◆ EXERCISE OBJECTIVE: Restate the entries below in full, exactly as they read, but without pictures.

◆ Spatial localization data:
────────
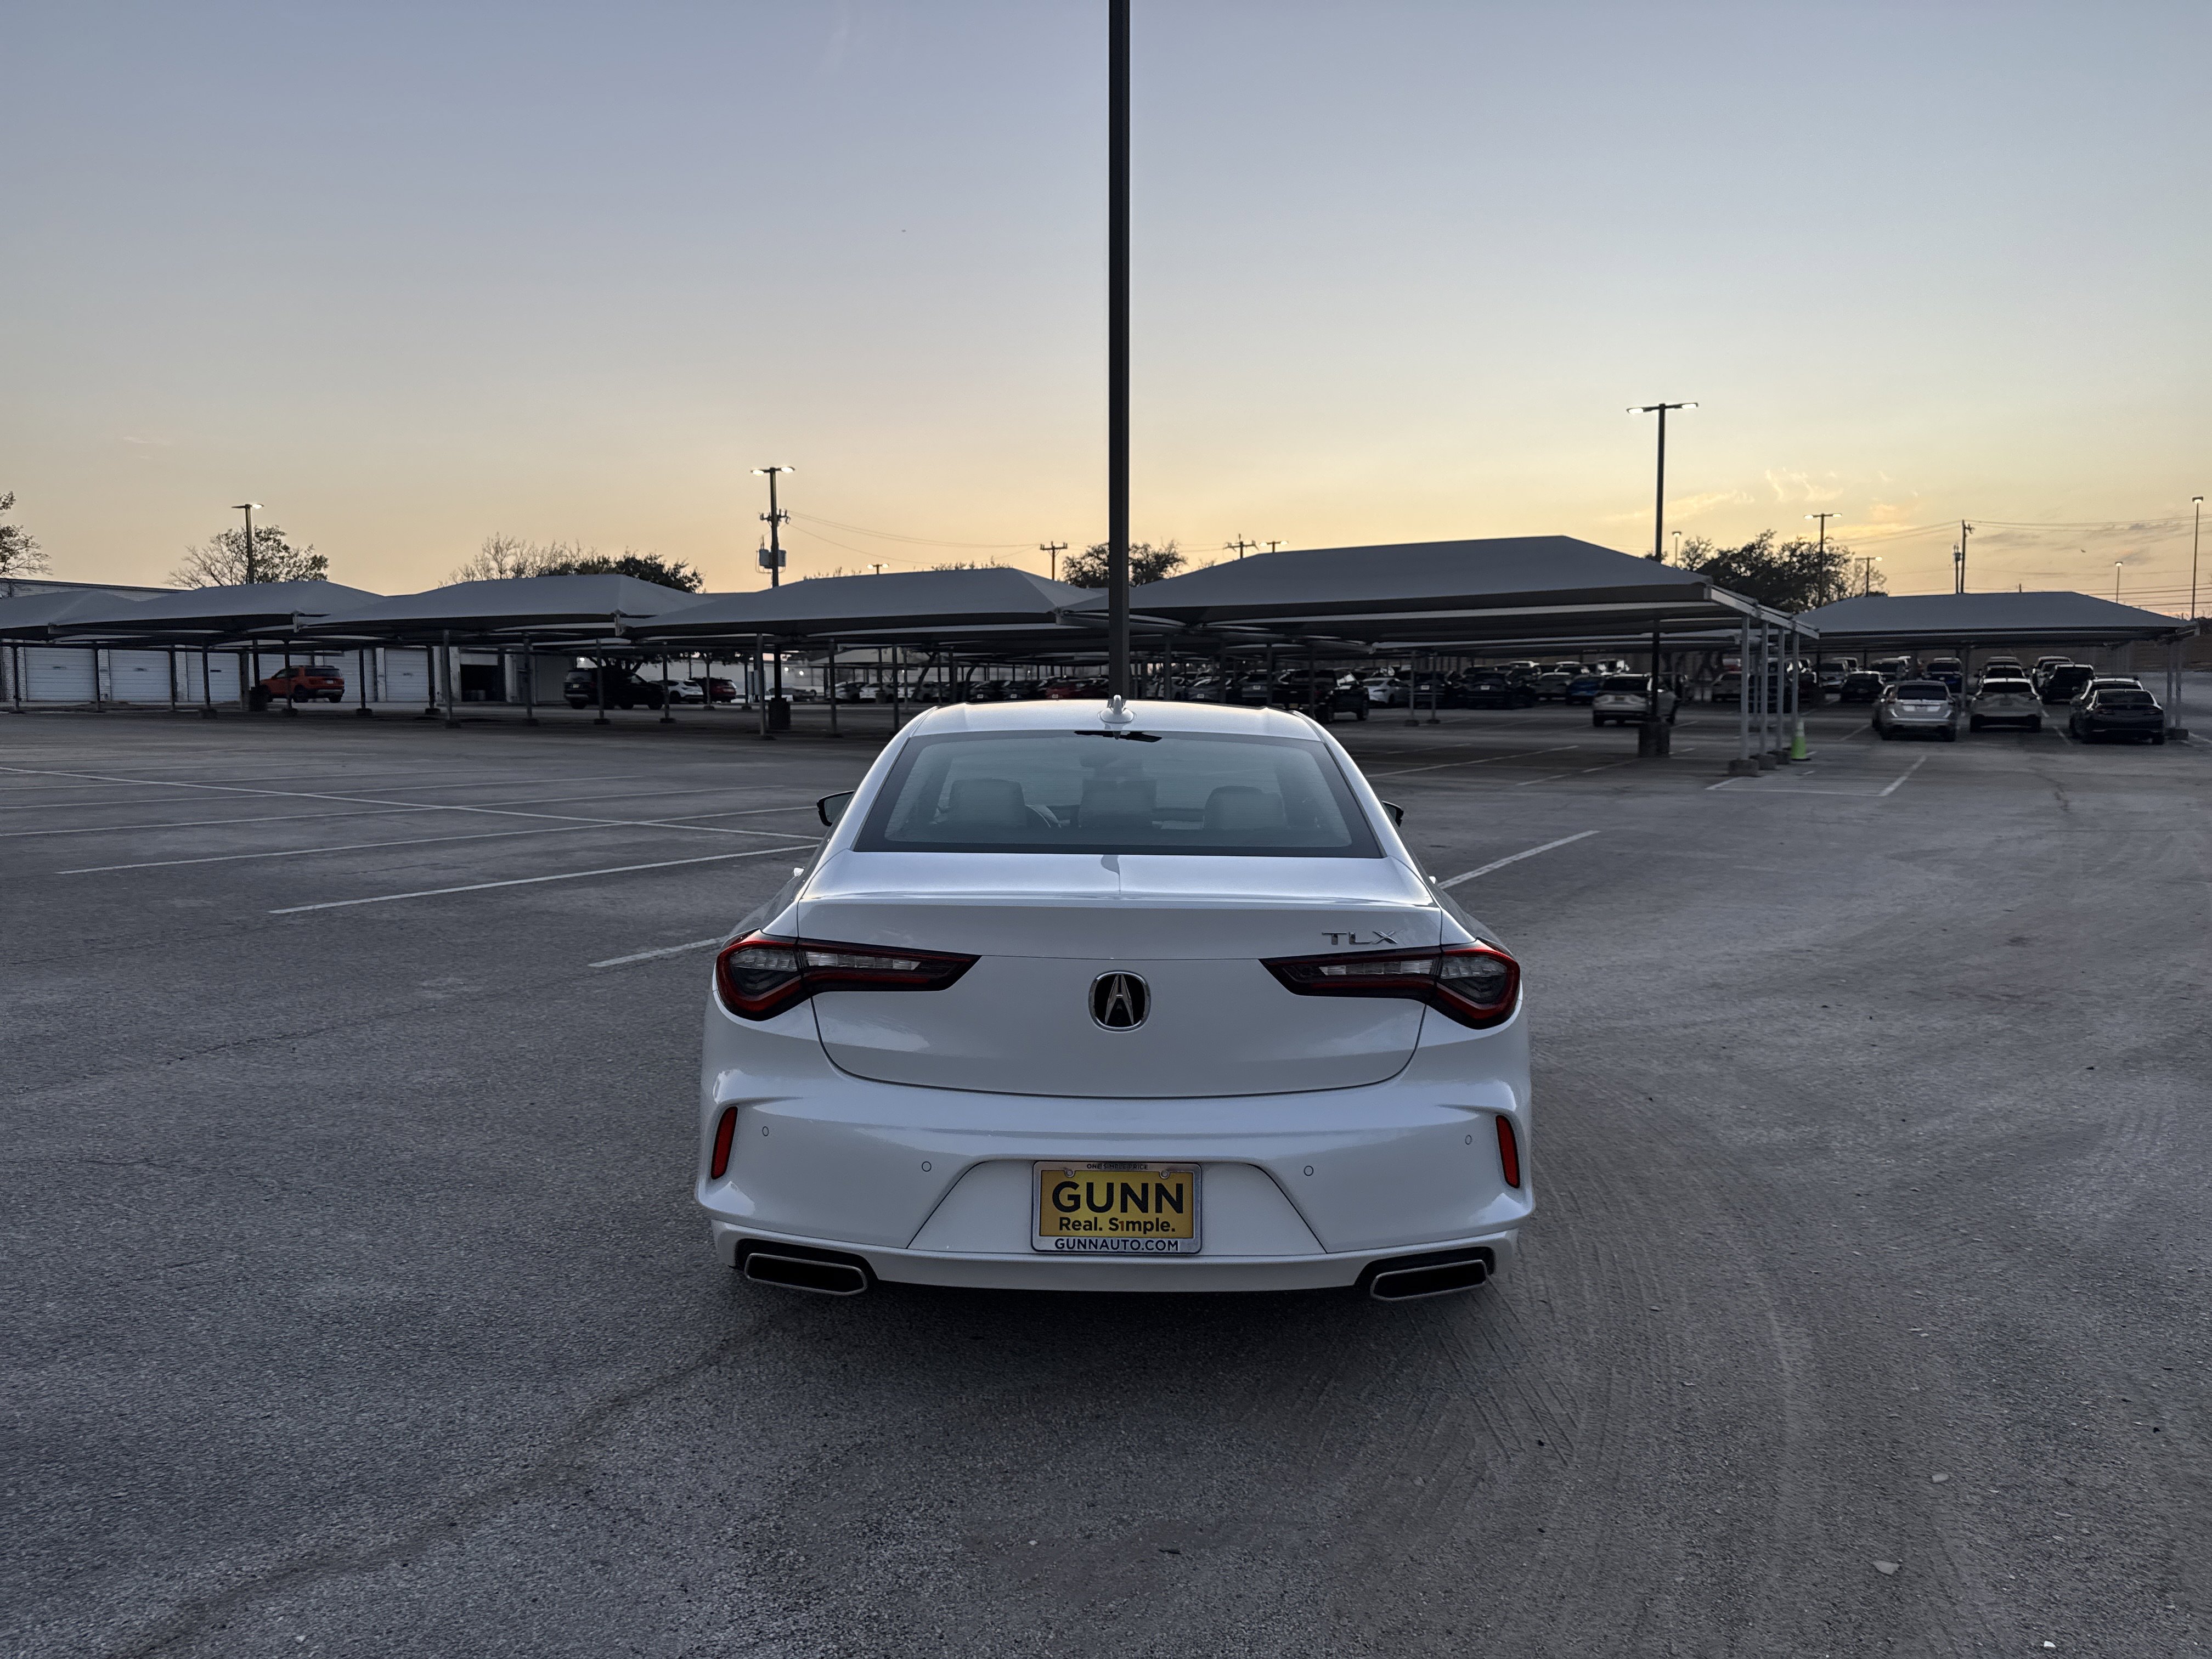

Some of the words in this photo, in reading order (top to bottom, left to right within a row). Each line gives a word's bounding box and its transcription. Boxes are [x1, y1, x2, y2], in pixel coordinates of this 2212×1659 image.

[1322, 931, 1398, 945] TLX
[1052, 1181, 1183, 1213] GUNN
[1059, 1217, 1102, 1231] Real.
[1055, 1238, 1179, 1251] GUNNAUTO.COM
────────
◆ TASK SOLUTION:
Some of the words in this photo, in reading order (top to bottom, left to right within a row). Each line gives a word's bounding box and its transcription. Boxes are [x1, y1, x2, y2], in pixel coordinates of this 2212×1659 image.

[1322, 931, 1398, 945] TLX
[1052, 1181, 1183, 1213] GUNN
[1059, 1217, 1102, 1231] Real.
[1055, 1238, 1179, 1251] GUNNAUTO.COM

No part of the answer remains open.